In the streak-plate technique, how are microorganisms diluted and spread out to from individual colonies?
The petri dish is divide into four areas. the bacterial mixture is added to one area of the dish with an inoculating loop. the bacteria is then spread over the other three areas in different with flaming the loop in between quadrants. the individual cells are spread out over the dish and give rise to separate colonies.
Which area of a streak plate will contain the greatest amount of growth? The least amount of growth? Explain.
Greatest: Original streak area.
Least: Third (last) streak area.
More streaks dilute and spread out the growth.
Does each discrete colony represent the growth of one cell? Explain your answer. Why can a single colony on a plate be used to start a pure culture.

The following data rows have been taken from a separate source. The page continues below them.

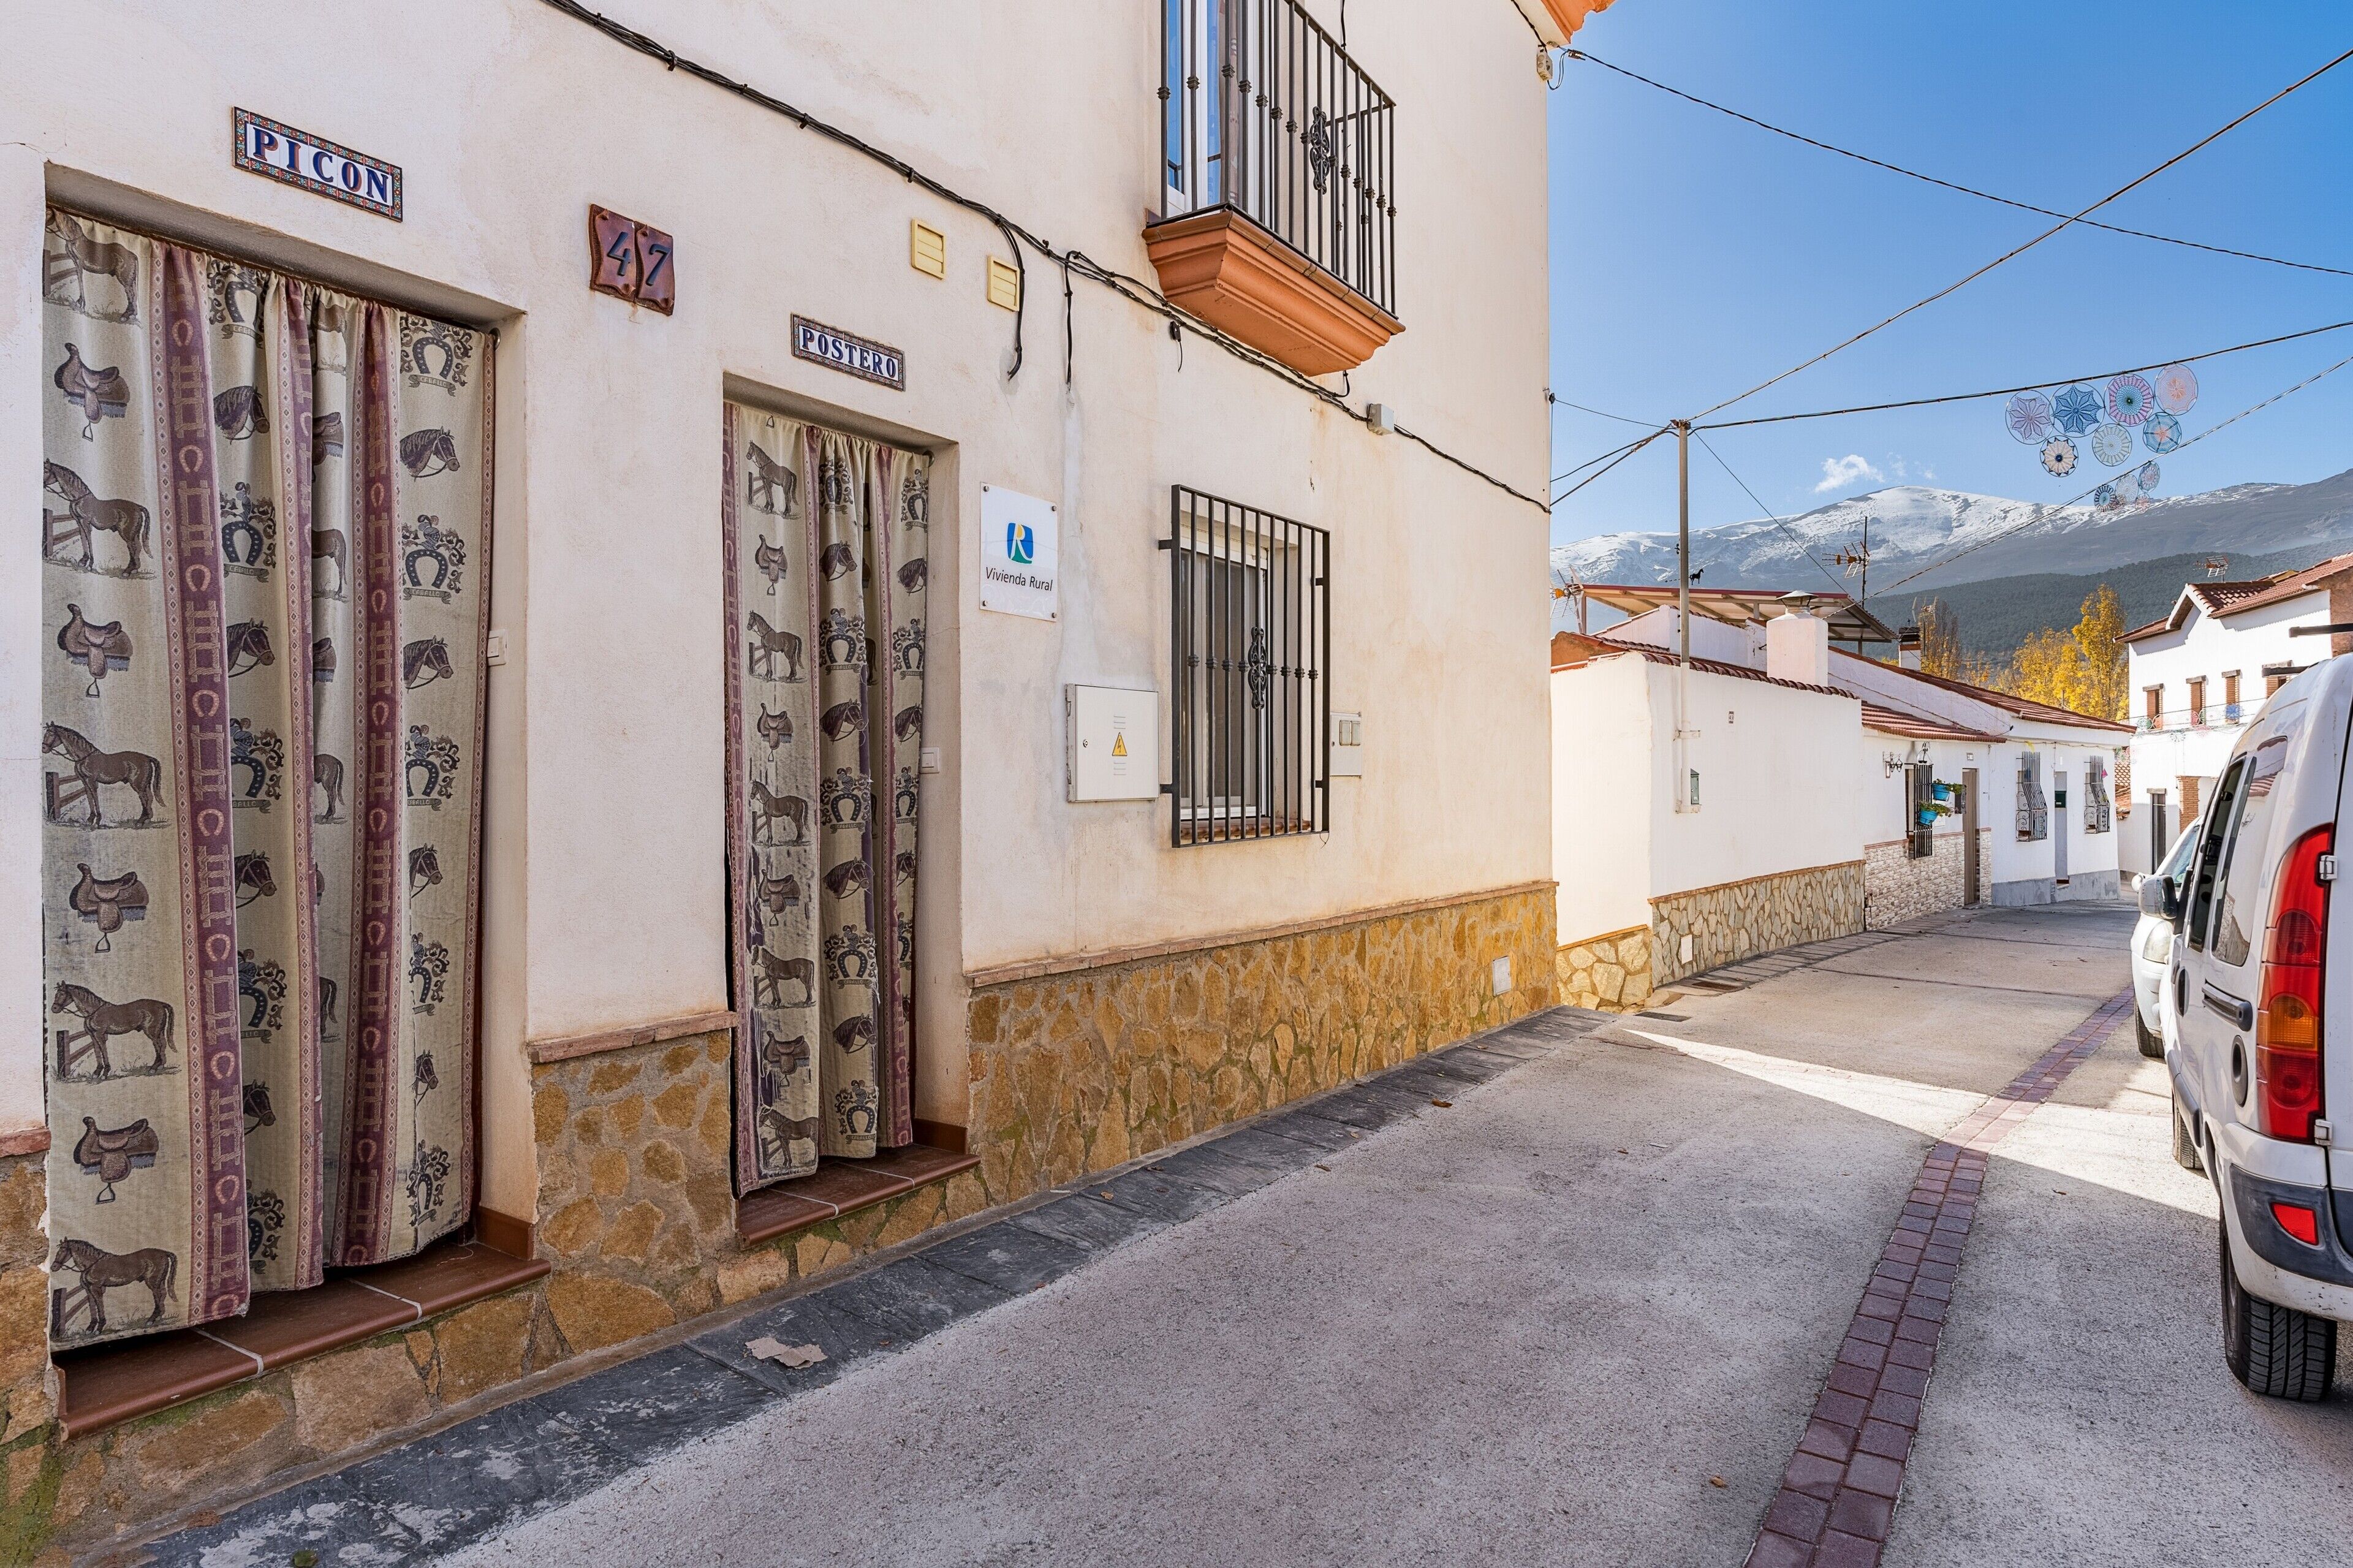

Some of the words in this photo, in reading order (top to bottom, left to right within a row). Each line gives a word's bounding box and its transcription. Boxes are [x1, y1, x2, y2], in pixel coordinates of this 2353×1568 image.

[253, 126, 389, 203] PICON
[607, 231, 672, 287] 47
[801, 328, 896, 379] POSTERO
[986, 566, 1026, 586] Vivienda
[1029, 575, 1053, 591] Rural
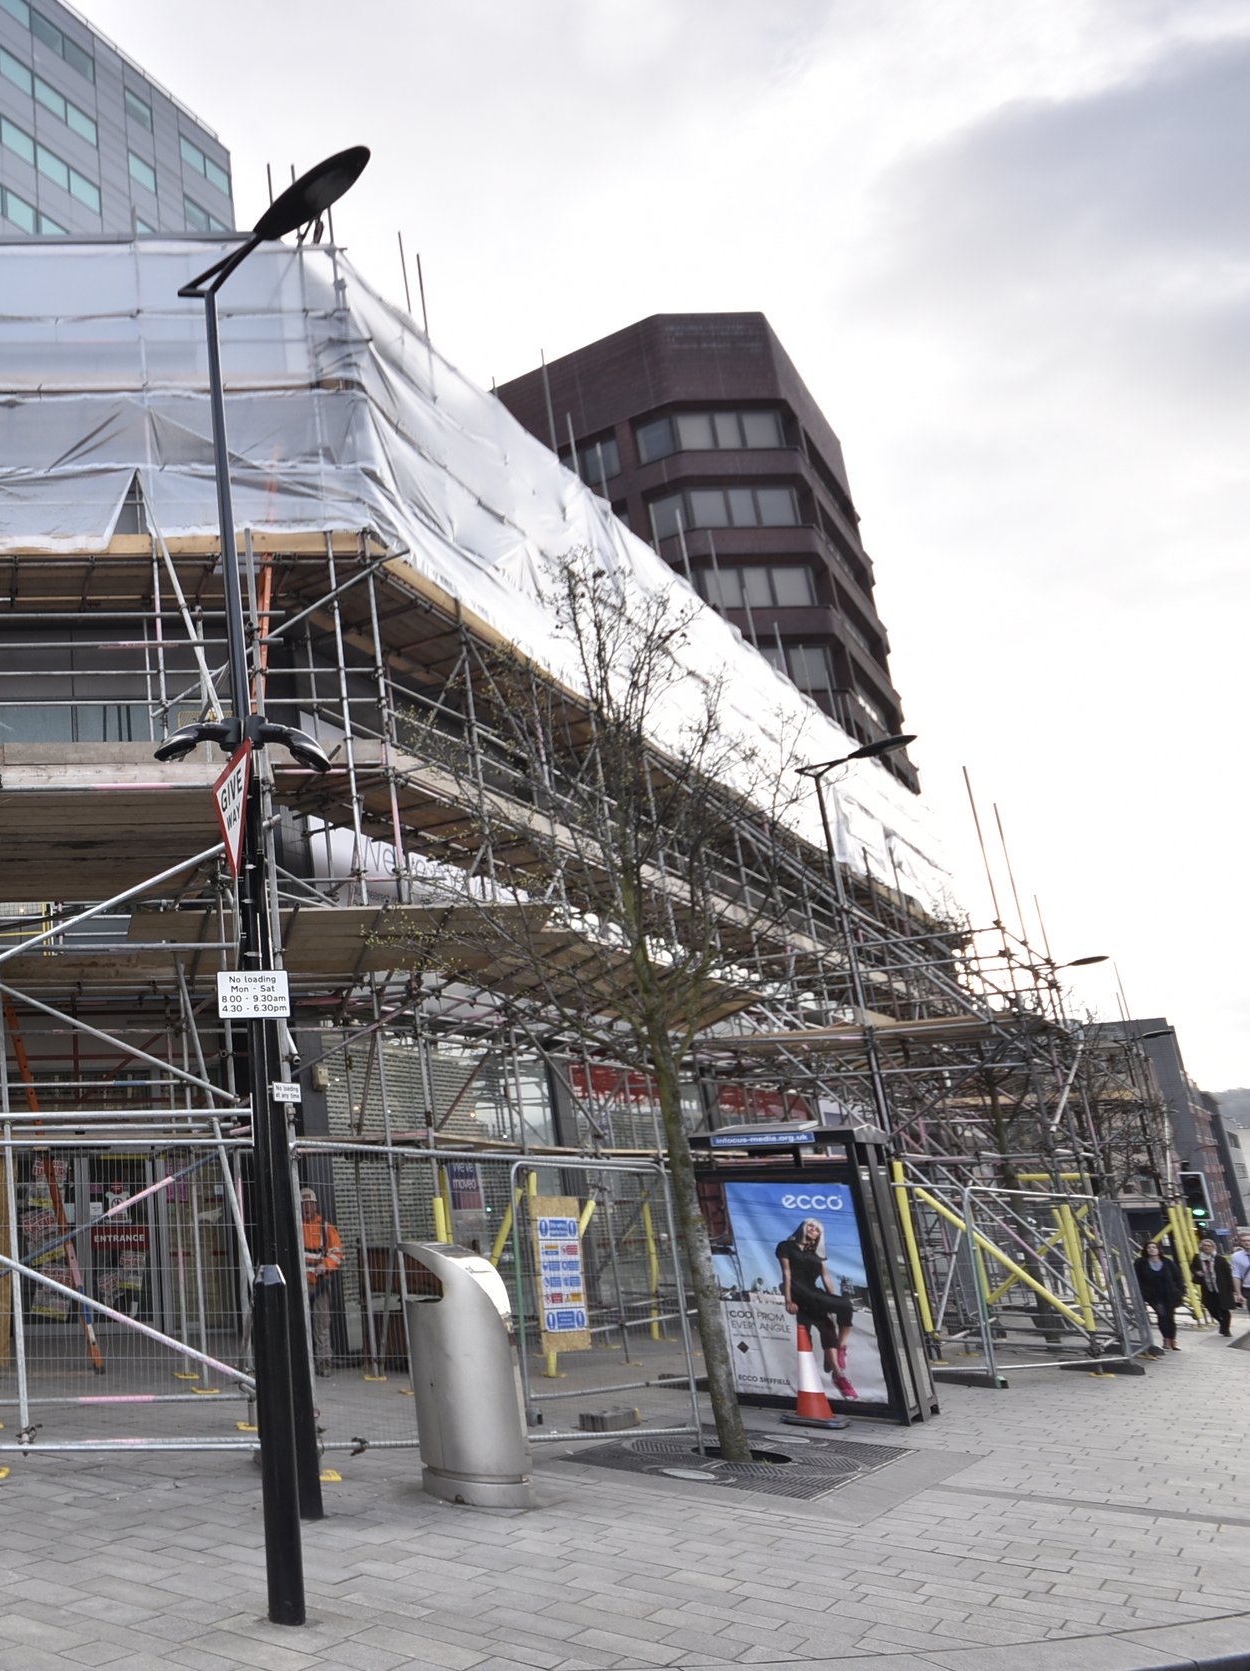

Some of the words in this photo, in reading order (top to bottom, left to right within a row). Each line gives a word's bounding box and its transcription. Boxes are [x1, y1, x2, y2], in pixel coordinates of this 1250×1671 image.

[221, 768, 242, 813] GIVE
[226, 802, 241, 831] WAY
[245, 976, 276, 984] loading
[231, 985, 249, 993] Mon
[221, 995, 242, 1003] 8.00
[253, 994, 286, 1003] 9.30am
[222, 1004, 243, 1012] 4.30
[253, 1004, 287, 1012] 6.30pm
[283, 1085, 298, 1093] loading
[715, 1134, 809, 1145] infocus-media.org.uk
[781, 1194, 843, 1211] ecco
[93, 1234, 145, 1243] ENTRANCE
[759, 1322, 792, 1334] ANGLE
[738, 1374, 758, 1383] ECCO

Yes, each discrete colony represents the growth of one cell because the mixture was being spread out over the dish.
A single colony can start a pure culture because the colony arose from a single cell and divides to create single species.
Why can mannitol salt agar and EMB agar be described as both selective and differential media?
Because they can isolate organisms and partially identify different groups of bacteria
How can a streak plate become contaminated?
By letting too much air in returning loop.
by no using proper aseptic technique and leaving the lid off the plate too long.
How the results of the pour-plate method compare with those obtained using the streak-plate and spread-plate method?
The results should compare favorably with the streak plate and spread plate methods to obtain isolated colonies.